􀀂􀀟􀀍􀀃 􀀂􀀜􀀌 Slippery Slopes and Bright Lines

Device-side CSAM scanning is a retreat to a strategically weaker position for end-user privacy contra nonconsensual search by law enforcement.

Last week, Apple announced (archive link from 2021-08-10) (local copy of the archive link from that date, retrieved in 2024) new functionality coming to future versions of iOS, iPadOS, and macOS, designed to find CSAM before images are uploaded to iCloud. Some of the central functionality represents a significant strategic loss for privacy, regardless of the excellence of the technical implementation, and I want to explain why I oppose this well-intentioned change.

Details of iCloud Photos scanning

While I do have other concerns, this post is about the client-side scanning of photos before uploading them to iCloud. I will focus on these details of the system in this post:

  • Images are scanned by the operating system on the user’s own device; they are not scanned on the server.
  • Although iPhones are encrypted, the user’s device itself performs the scans, making it possible to scan images which law enforcement could not directly access.
  • If images over a threshold match known CSAM, they are decrypted and sent to Apple, which manually reviews them for false positives, sends true CSAM to NCMEC1, and reports the incident to law enforcement.

A strategic loss

Until this announcement, Apple’s stance was something like this:

  • We do not have the capability to provide encrypted data to law enforcement, ourselves, or anyone else.
  • What’s on a user’s device is private to that user.

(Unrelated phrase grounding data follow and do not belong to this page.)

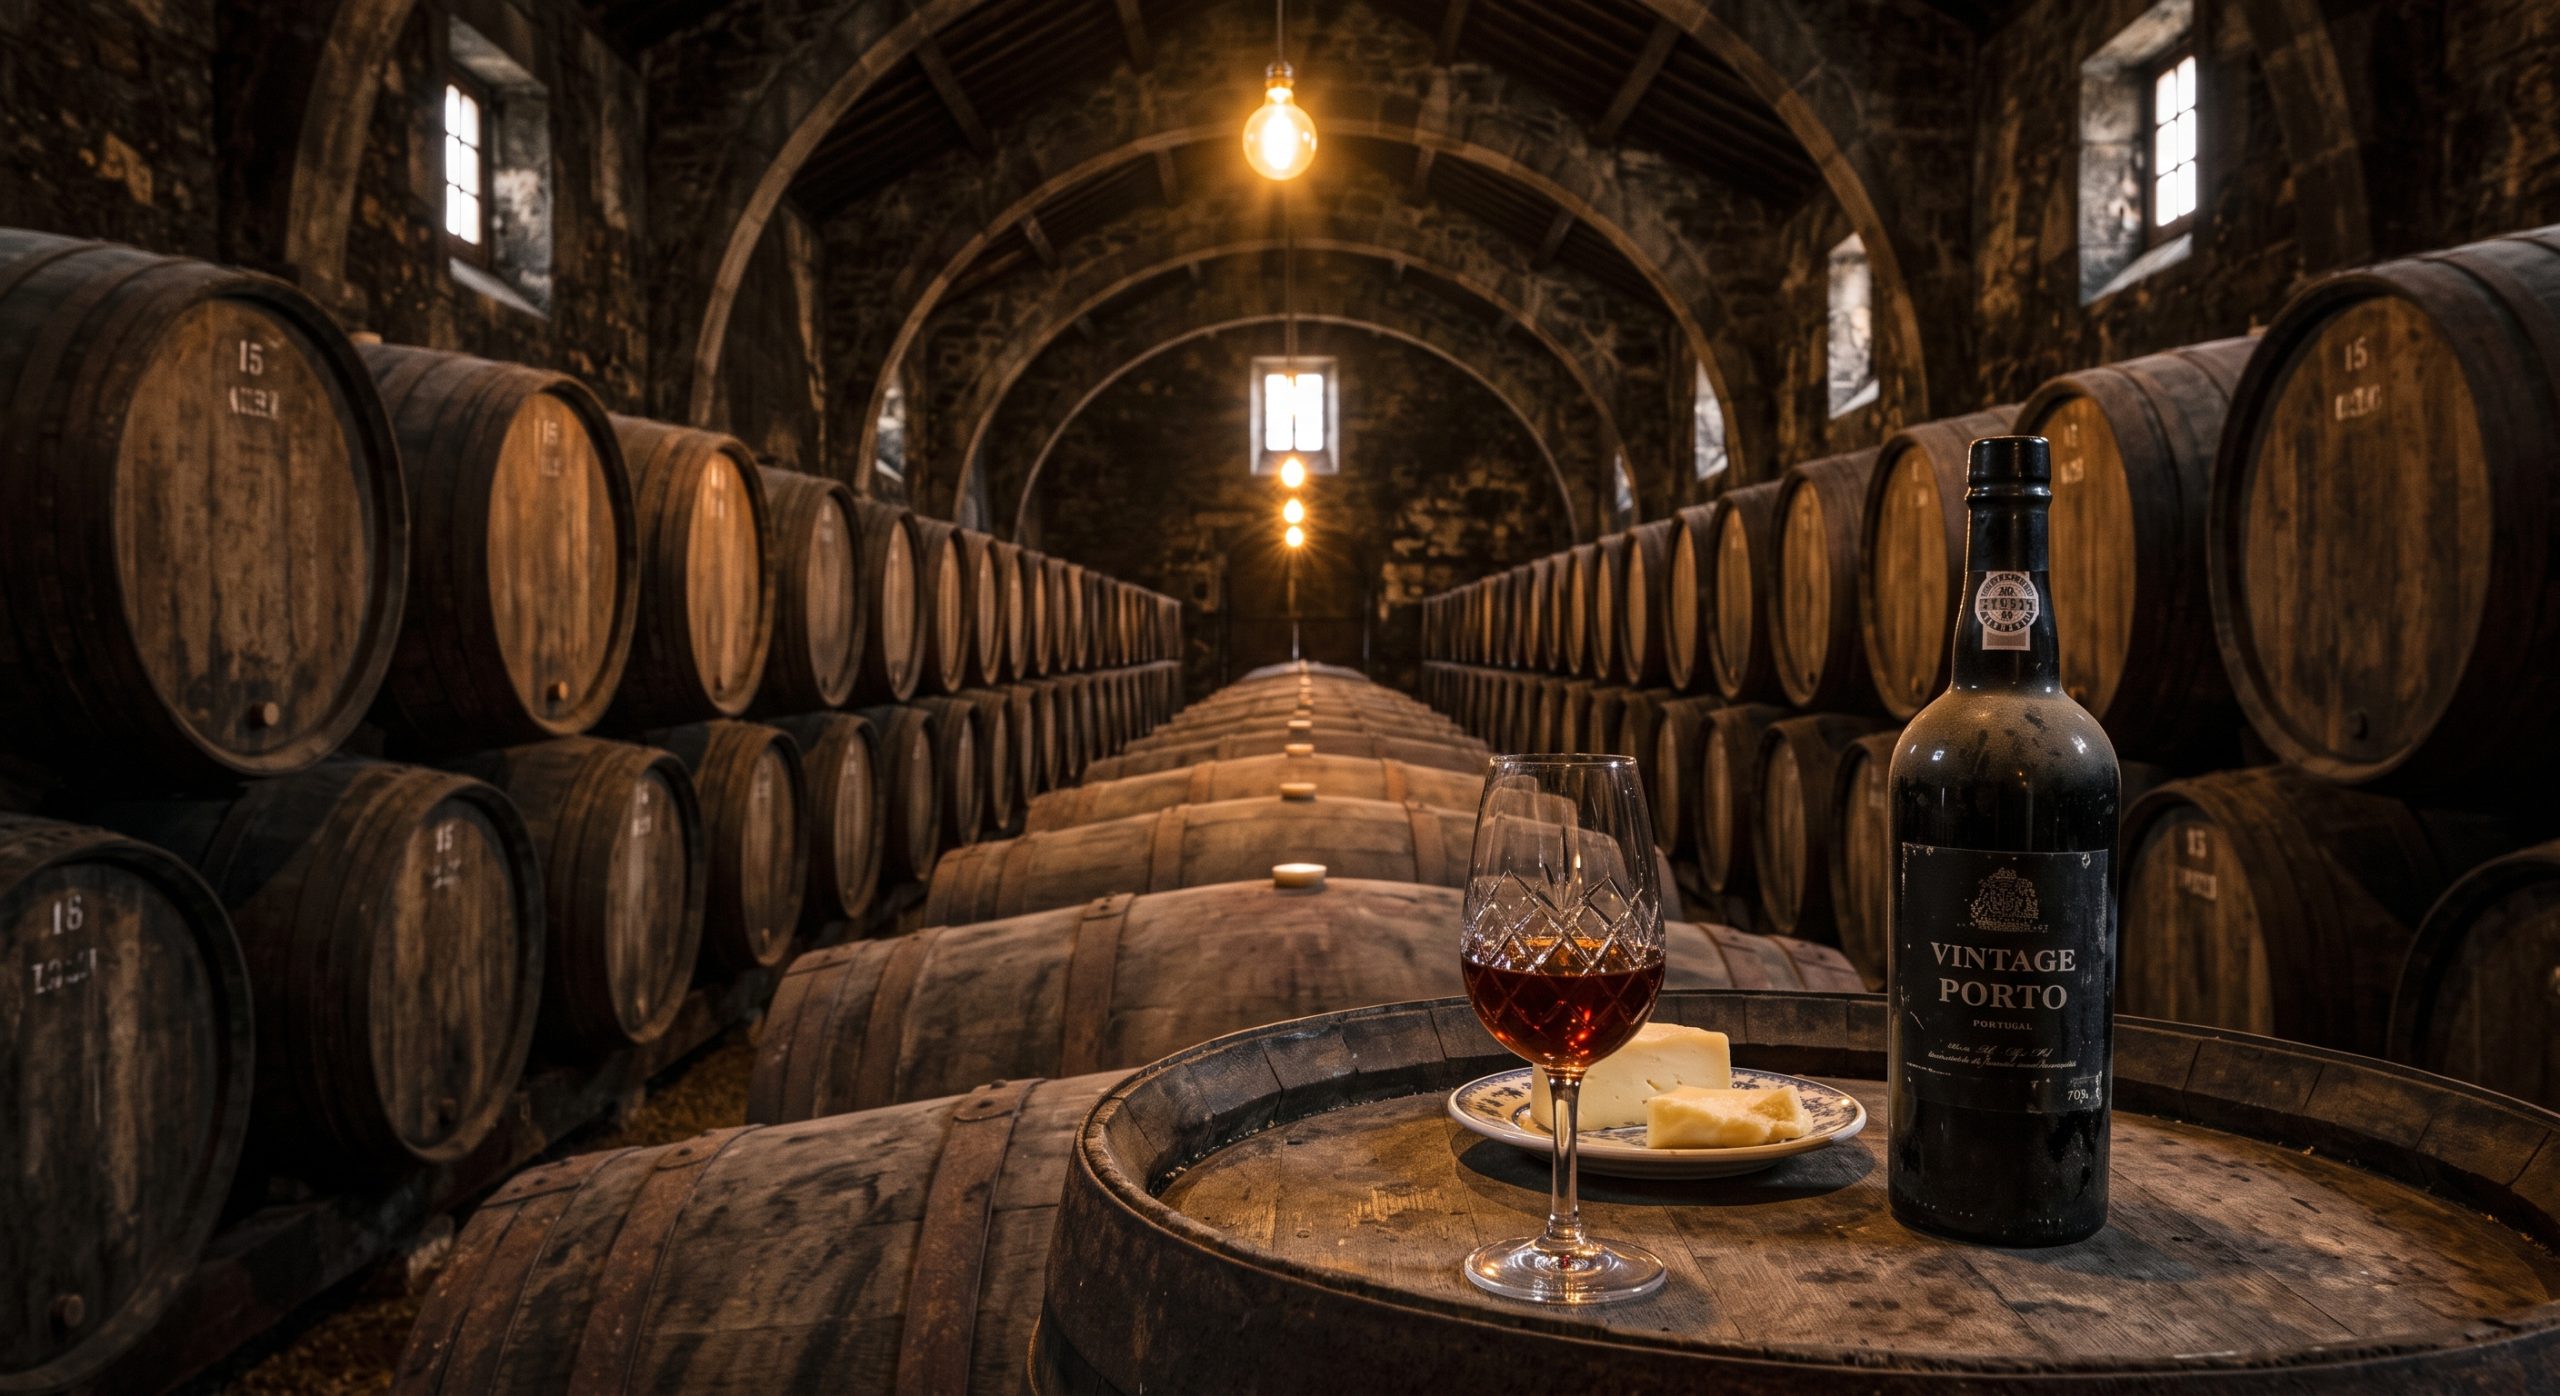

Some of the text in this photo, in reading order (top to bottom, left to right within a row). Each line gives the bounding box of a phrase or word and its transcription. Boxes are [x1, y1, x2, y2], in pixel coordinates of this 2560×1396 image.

[239, 339, 264, 376] 15
[2345, 337, 2368, 372] 15
[1930, 941, 2076, 972] VINTAGE
[1938, 977, 2068, 1010] PORTO
[1973, 1019, 2033, 1031] PORTUGAL

This is a clear bright line that was easily understood everyone, even nontechnical users (although some might have preferred a different stance). The clarity and non-ambiguity provided a unique protection from more intrusive surveillance of the public by law enforcement. It was seen as legitimate.

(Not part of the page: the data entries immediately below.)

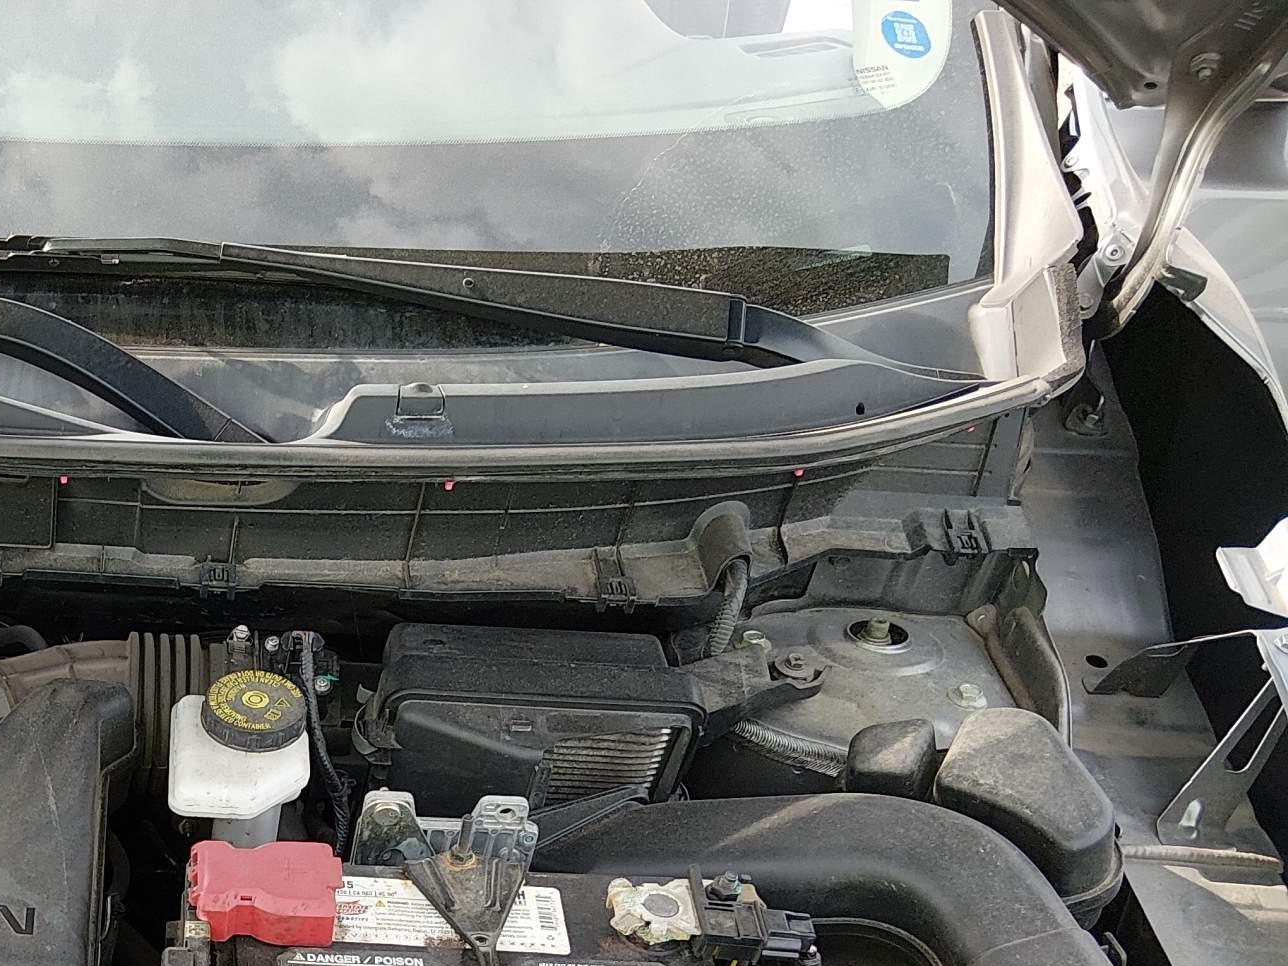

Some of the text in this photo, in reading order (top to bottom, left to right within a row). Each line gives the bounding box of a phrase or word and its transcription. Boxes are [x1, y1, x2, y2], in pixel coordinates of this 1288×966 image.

[306, 954, 424, 966] DANGER / POISON
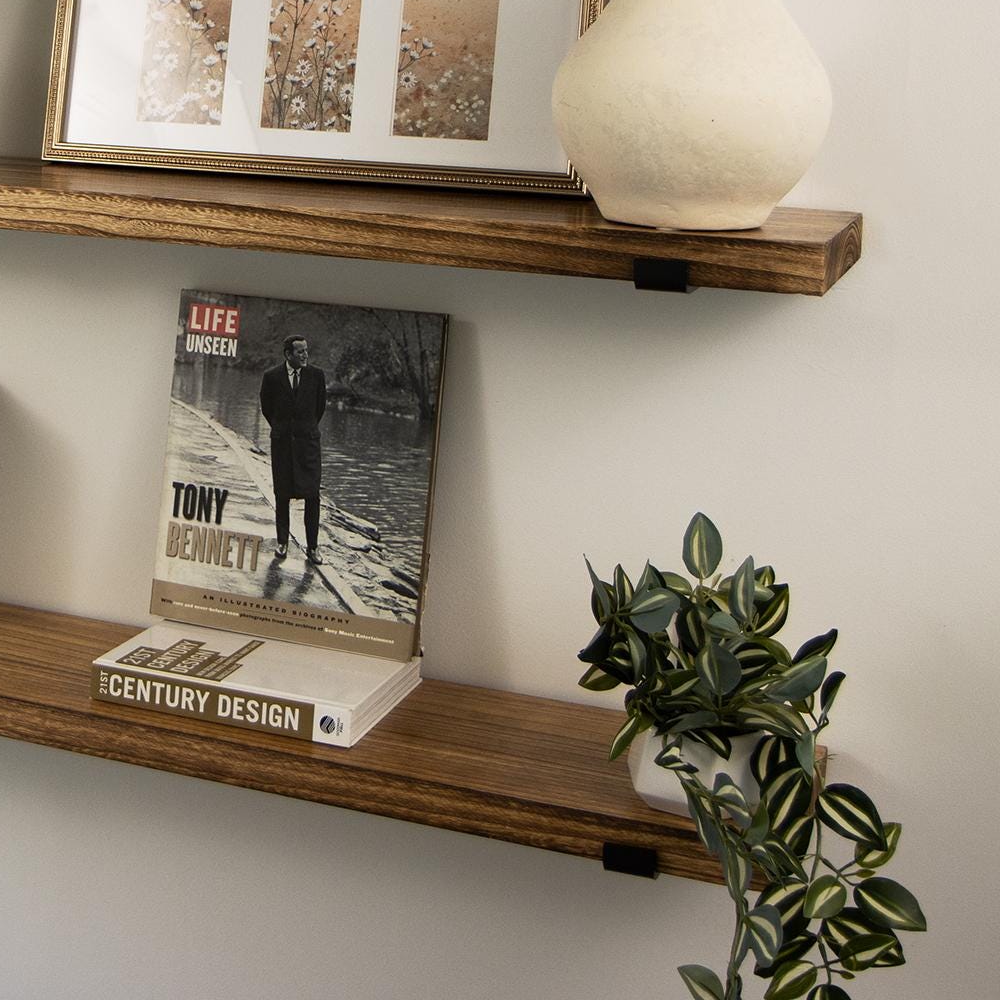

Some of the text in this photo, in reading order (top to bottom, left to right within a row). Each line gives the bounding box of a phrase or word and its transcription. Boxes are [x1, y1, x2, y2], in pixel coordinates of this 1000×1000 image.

[190, 305, 238, 334] LIFE
[185, 333, 238, 358] UNSEEN
[172, 481, 229, 525] TONY
[166, 520, 264, 572] BENNETT
[219, 597, 287, 614] ILLUSTRATED
[292, 609, 350, 625] BIOGRAPHY
[324, 627, 338, 635] Sony
[338, 629, 355, 638] Music
[355, 632, 395, 645] Entertainment
[123, 647, 158, 665] 21ST
[147, 640, 200, 669] CENTURY
[169, 651, 217, 673] DESIGN
[99, 670, 109, 695] 21ST
[108, 673, 300, 731] CENTURY DESIGN

After the announcement, the stance is different:

  • We sometimes build capability to provide law enforcement access to encrypted data
  • What’s on a user’s device is sometimes private to that user

The new stance is much a much weaker position for arguing against other law enforcement demands, because it is much less of a bright line. It is easier to argue that a specific case should be an exception when there is precedent for some other exception. I expect law enforcement to demand capabilities to detect more kinds of content – like terrorist propaganda, hate speech, and copyrighted material – and to increase demands for nonconsensual access to encrypted data.

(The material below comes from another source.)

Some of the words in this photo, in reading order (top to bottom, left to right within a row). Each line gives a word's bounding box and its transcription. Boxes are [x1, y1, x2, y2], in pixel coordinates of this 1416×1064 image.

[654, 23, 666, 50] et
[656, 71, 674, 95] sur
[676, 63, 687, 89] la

Apple claims (local archive) that it will not submit to government requests for other kinds of data:

“What happens when other governments ask Apple to use this for other purposes?” [cryptographer Matthew] Green asked. “What’s Apple going to say?”

[Apple privacy chief Erik] Neuenschwander dismissed those concerns, saying that safeguards are in place to prevent abuse of the system and that Apple would reject any such demands from a government.

“We will inform them that we did not build the thing they’re thinking of,” he said.

But that response will be weak. It’s clearly possible, and it’s already been done. Law enforcement will argue that it’s not a burden to add just a bit more capability. And I fear that lawmakers or the public will side with law enforcement.

A wartime analogy

In The Strategy of Conflict, Thomas Schelling describes informal agreements between parties in war. For example:

Gas was not used in World War II. The agreement, though not without antecedents, was largely a tacit one. It is interesting to speculate on whether any alternative agreement concerning poison gas could have been arrived at without formal communication (or even, for that matter, with communication). “Some gas” raises complicated questions of how much, where, under what circumstances: “no gas” is simple and unambiguous. Gas only on military personnel; gas used only by defending forces; gas only when carried by vehicle or projectile; no gas without warning — a variety of limits is conceivable; some may make sense, and many might have been more impartial to the outcome of the war. But there is a simplicity to “no gas” that makes it almost uniquely a focus for agreement when each side can only conjecture at what rules the other side would propose and when failure at coordination on the first try may spoil the chances for acquiescence in any limits at all.

In a conflict, an opposing side will find an all-or-nothing limit more legitimate than a limit somewhere in the middle. The conflict between the public and law enforcement over encryption and private data is no different.

(Points of coordination in a conflict like this are sometimes called Schelling points after Schelling’s work.)

Other vendors

I happen to like Apple products, but I’m open to alternatives. However, Apple has historically been the most private mainstream alternative. Google and Microsoft have always given users less control over what data users can choose not to share than Apple has, and even with Apple’s recent announcement I think that’s still true – at least for now. (All three companies have simply terrible cloud privacy guarantees; each of them hold the decryption keys for the bulk of your data stored on their services.) Other options like a Librem 5, a Pinephone, or an Android device running CalyxOS or GrapheneOS are interesting, but have significant drawbacks.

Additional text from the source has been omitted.